■ **What needs to be done**
Please reproduce the entries exactly, skipping each picture.

■ **Entries provided**
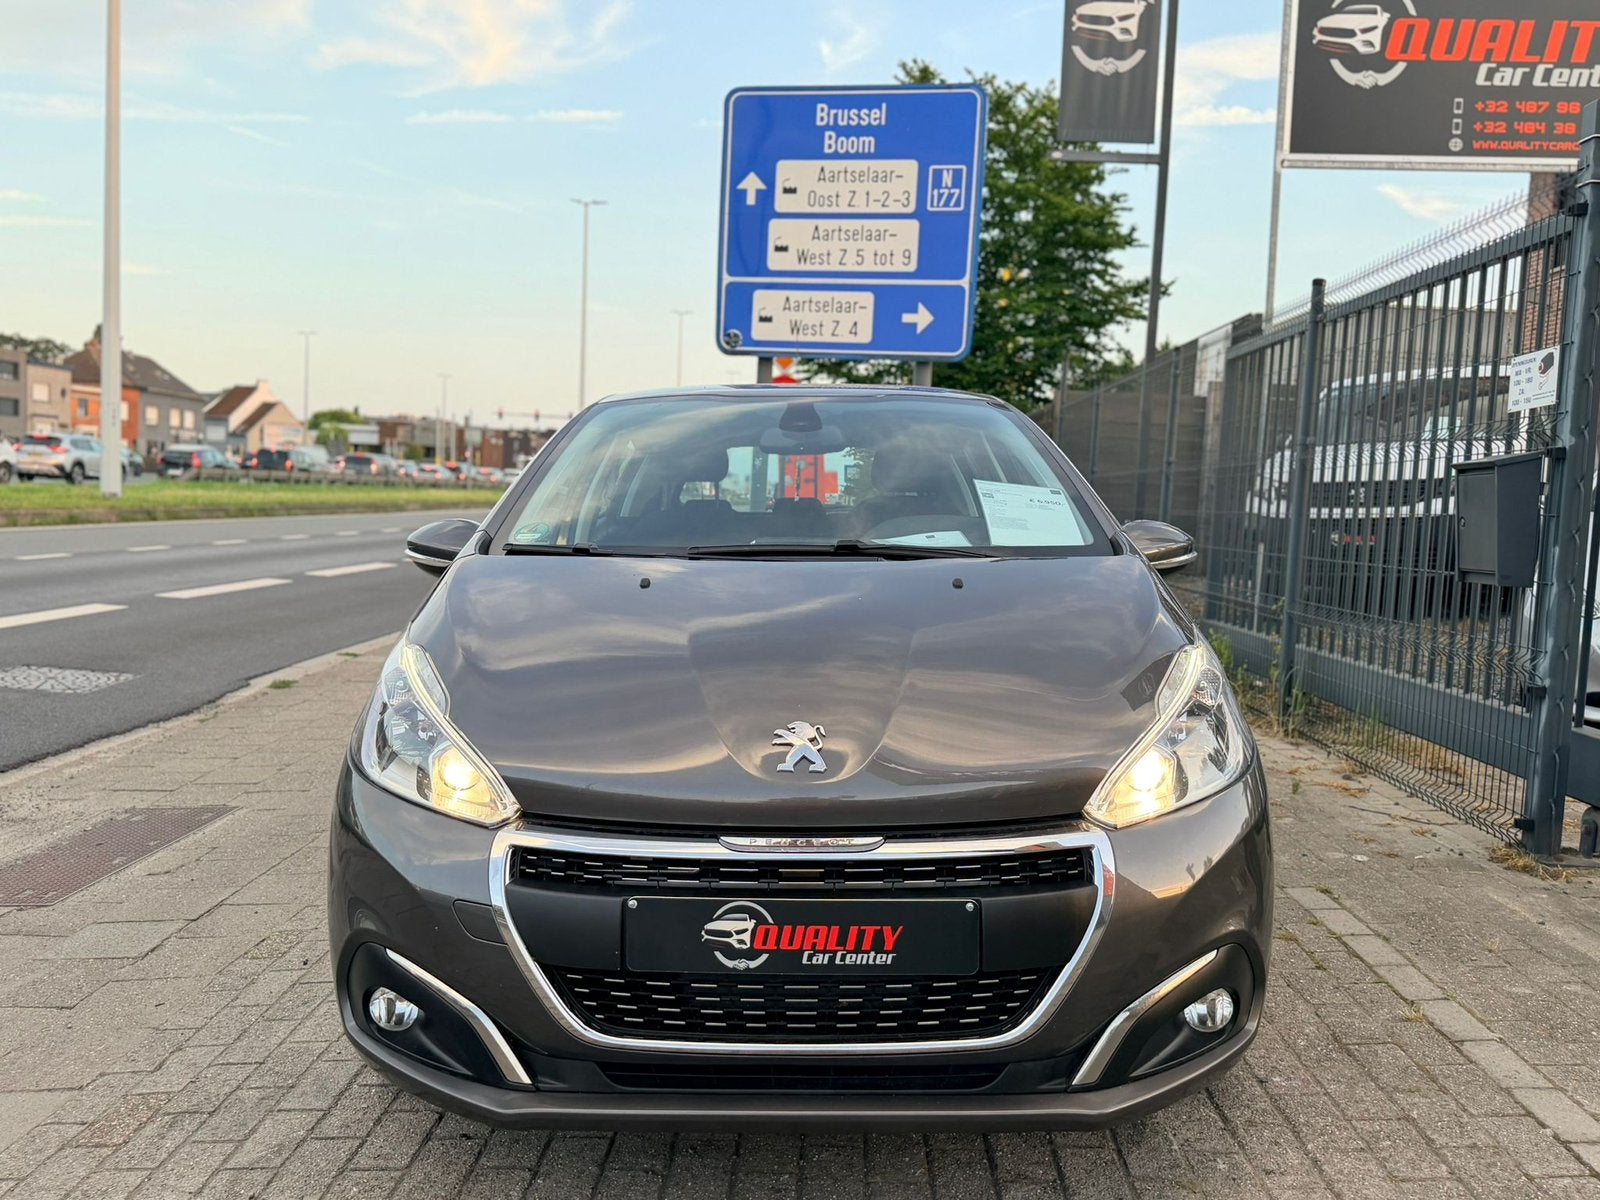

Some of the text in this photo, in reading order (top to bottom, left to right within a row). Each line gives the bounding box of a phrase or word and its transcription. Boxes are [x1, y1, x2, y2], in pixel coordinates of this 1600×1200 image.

[1475, 63, 1530, 87] Car
[816, 103, 887, 126] Brussel
[1474, 101, 1509, 114] +32
[1515, 101, 1550, 114] 487
[1473, 121, 1577, 135] +32 484 38
[823, 131, 875, 154] Boom
[817, 166, 904, 183] Aartselaar-
[942, 169, 953, 188] N
[807, 190, 840, 208] Oost
[865, 190, 911, 208] 1-2-3
[932, 189, 960, 207] 177
[811, 224, 898, 242] Aartselaar-
[796, 248, 831, 266] West
[873, 249, 895, 266] tot
[902, 249, 912, 266] 9
[782, 296, 867, 313] Aartselaar-
[789, 319, 824, 337] West
[849, 320, 858, 338] 4
[753, 925, 904, 951] QUALITY
[802, 951, 897, 965] Car Center

■ **Final answer**
Some of the text in this photo, in reading order (top to bottom, left to right within a row). Each line gives the bounding box of a phrase or word and its transcription. Boxes are [x1, y1, x2, y2], in pixel coordinates of this 1600×1200 image.

[1475, 63, 1530, 87] Car
[816, 103, 887, 126] Brussel
[1474, 101, 1509, 114] +32
[1515, 101, 1550, 114] 487
[1473, 121, 1577, 135] +32 484 38
[823, 131, 875, 154] Boom
[817, 166, 904, 183] Aartselaar-
[942, 169, 953, 188] N
[807, 190, 840, 208] Oost
[865, 190, 911, 208] 1-2-3
[932, 189, 960, 207] 177
[811, 224, 898, 242] Aartselaar-
[796, 248, 831, 266] West
[873, 249, 895, 266] tot
[902, 249, 912, 266] 9
[782, 296, 867, 313] Aartselaar-
[789, 319, 824, 337] West
[849, 320, 858, 338] 4
[753, 925, 904, 951] QUALITY
[802, 951, 897, 965] Car Center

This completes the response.